The highest recovery value is obtained in water flooding when the capillary forces are dominant (accelerate the imbibition rate), as seen from Figure 9. Of course, the gravitational forces can be augmented for more recovered oil if the assisted imbibition solution such as surfactant injection processes takes into account. In gas injection, gravitational forces govern the recovery process, and capillary forces are less dominating (Figure 9).
The foam injection results in higher recovery with respect to gas injection due to the less gravity override and less viscous fingering phenomenon. However, the equilibrium forces are essential in determining the optimum recovery. As shown in Figure 10, the higher recovery corresponds to a lower capillary range and higher gravitational force.
One can assume that capillary and gravitational forces might play a role in the recovery process, as water and gas are injected into the alternative scheme. It may be expected that capillary forces assisted in gravitational forces as gas mobility is controlled by water in the WAG process (Figure 10). Therefore, the highest oil recovery factor is obtained in the combination of capillary and gravitational forces. The injected water controls the mobility of the gas phase. It increases the effectiveness of gravitational forces rather than the capillary number, as others observed in the feasibility study of the WAG process of different WAG ratios for fractured reservoirs [21].
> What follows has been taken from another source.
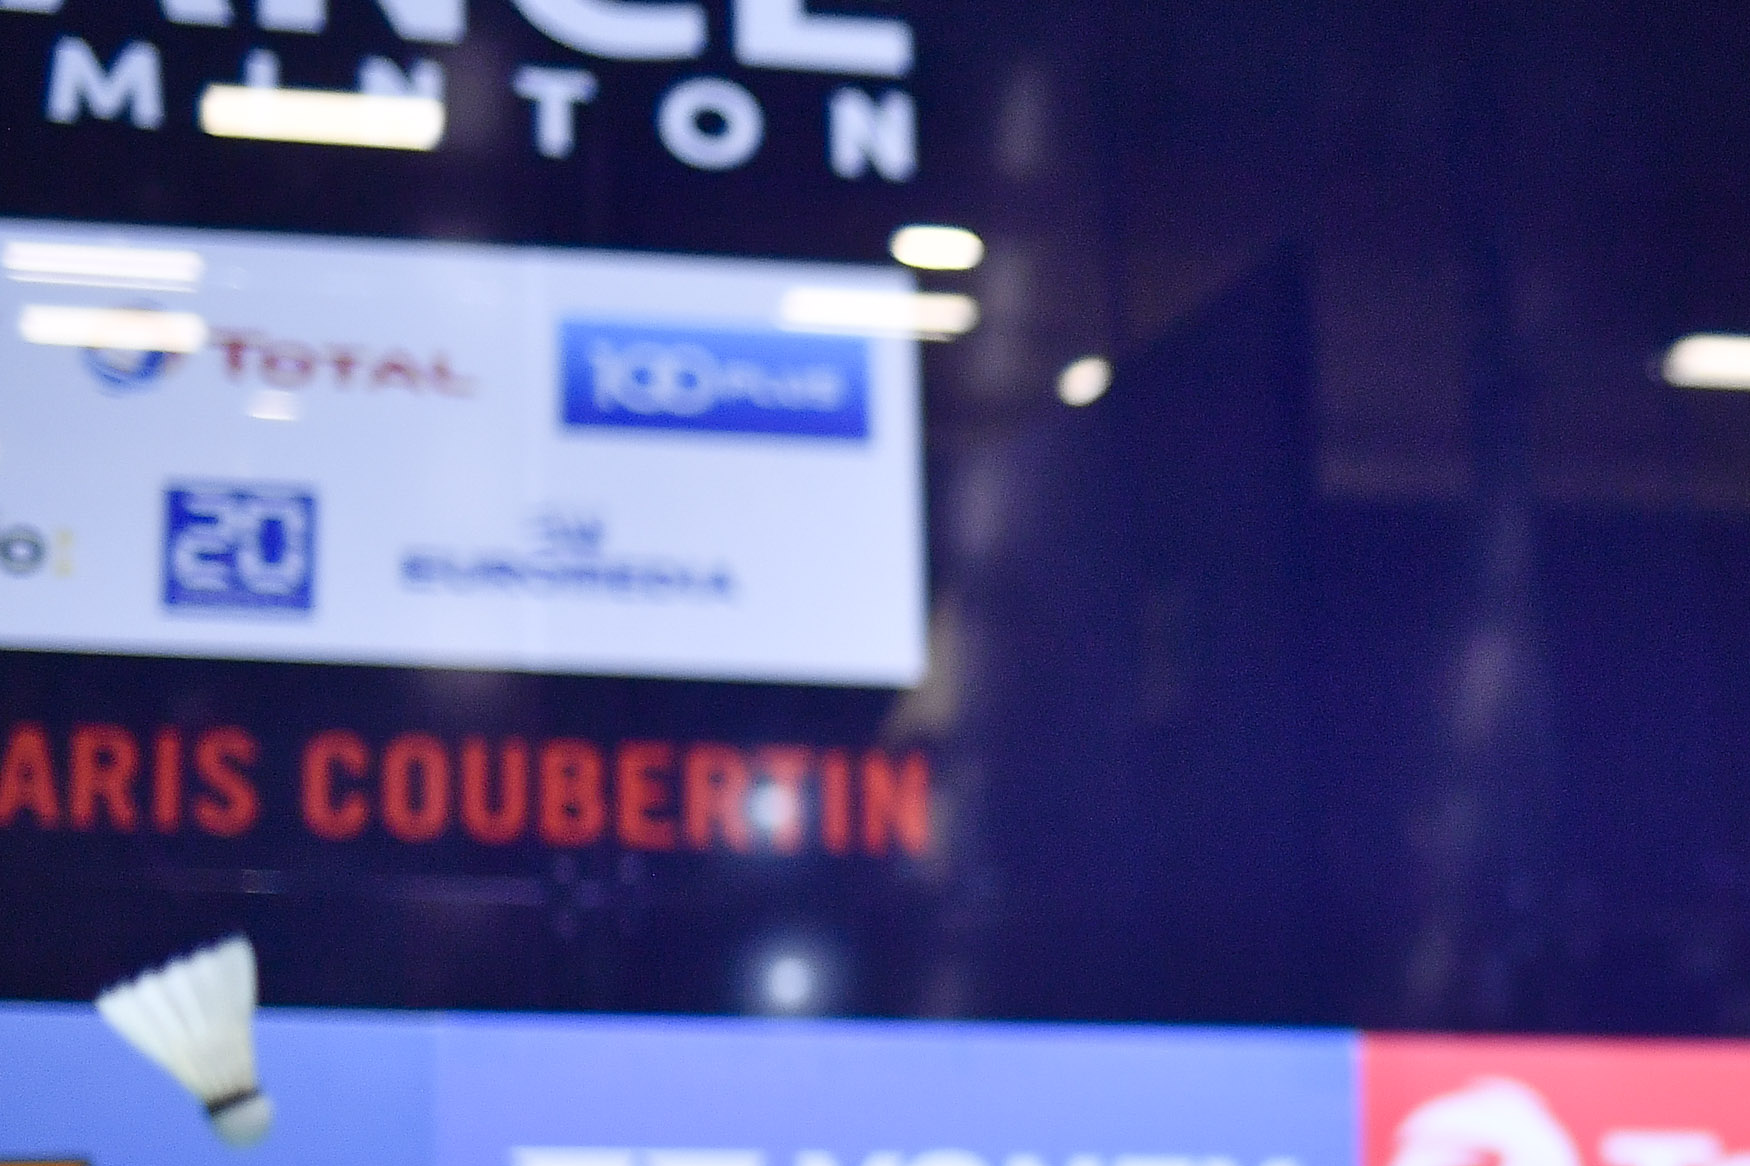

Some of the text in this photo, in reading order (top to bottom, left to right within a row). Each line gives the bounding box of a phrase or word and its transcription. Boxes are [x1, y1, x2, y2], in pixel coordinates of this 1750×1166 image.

[176, 496, 306, 595] 20
[0, 721, 931, 854] ARIS COUBERTIN
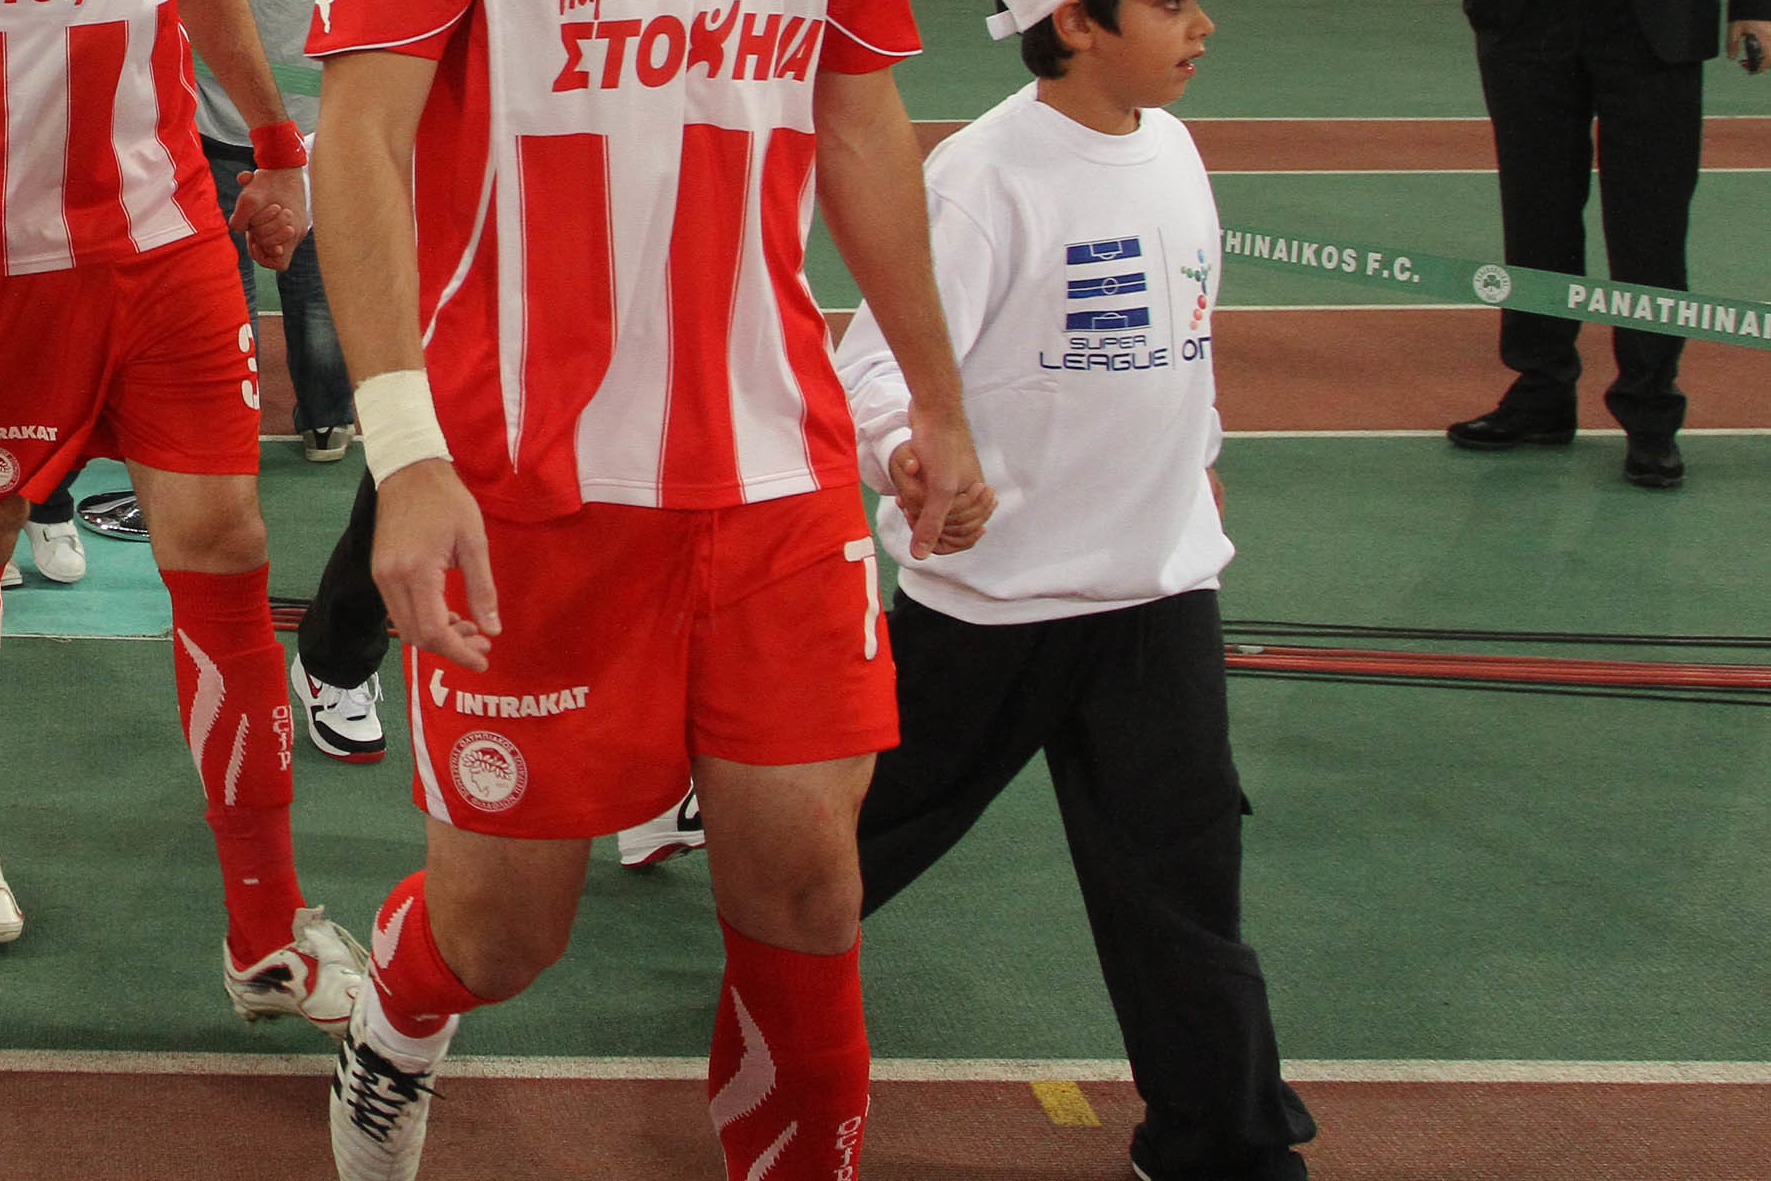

Foam and WAG injection decrease gas mobility and increase the sweep efficiency and oil recovery over the gas injection. WAG can reduce gravity override because of the small density difference between water and oil. In this case, the capillary forces are more effective in WAG injection due to the water imbibition and late gas breakthrough, especially in the low permeability matrix. Previous studies reported that the balance of driving forces is a key determining factor in the performance of the WAG method in fractured reservoirs [21]. Hence, the efficiency of WAG injection is highly dependent on matrix and fluid properties.
Foam can take advantage of gravitational and capillary forces to assist both gravity drainage and capillary imbibition process. Foam injection might result in IFT reduction and change the matrix’s wettability toward more wetness, accelerating the gravity drainage and imbibition process. Therefore, foam injection can divert the injected gas and increase sweep efficiency more than WAG (see Table 4).
When the gravitational and capillary forces are in equilibrium, the gravity and capillary numbers for foam injection are slightly higher than WAG injection (Table 4). Therefore, it seems that foam’s effectiveness for mobility control is more than WAG and its ability to diverts flow from fractures into matrix blocks. Consequently, the surfactant transportation during foam injection reduces IFT and changes the matrix’s wettability, improving the oil recovery.
Interestingly, the FAWAG recovery process results in higher recovery for all capillary and gravitational ranges than water flooding and gas injection (Figure 11).
The low IFT accelerates both capillary imbibition and gravity drainage process, resulting in more oil recovery (Table 4). The water injection has low recovery due to the early breakthrough as a result of oil-wet rock wettability. In the case of FAWAG injection, gravity drainage, along with diffusion and reimbibition, results in high capillary and moderate capillary numbers in which higher oil recovery is obtained.
The top view of the overlaying response surface models of the five injection methods and their response surfaces are shown in Figure 12. Points “A” and “B” were selected to compare the gas, WAG, and FAWAG injection performance under different conditions of driving forces. Point “A” expresses a gravity-driven condition, while point B is selected under a capillary-driven condition. The governing condition was established with fluid and rock properties. Figure 13 shows the oil recovery for the three processes for “A” and “B”.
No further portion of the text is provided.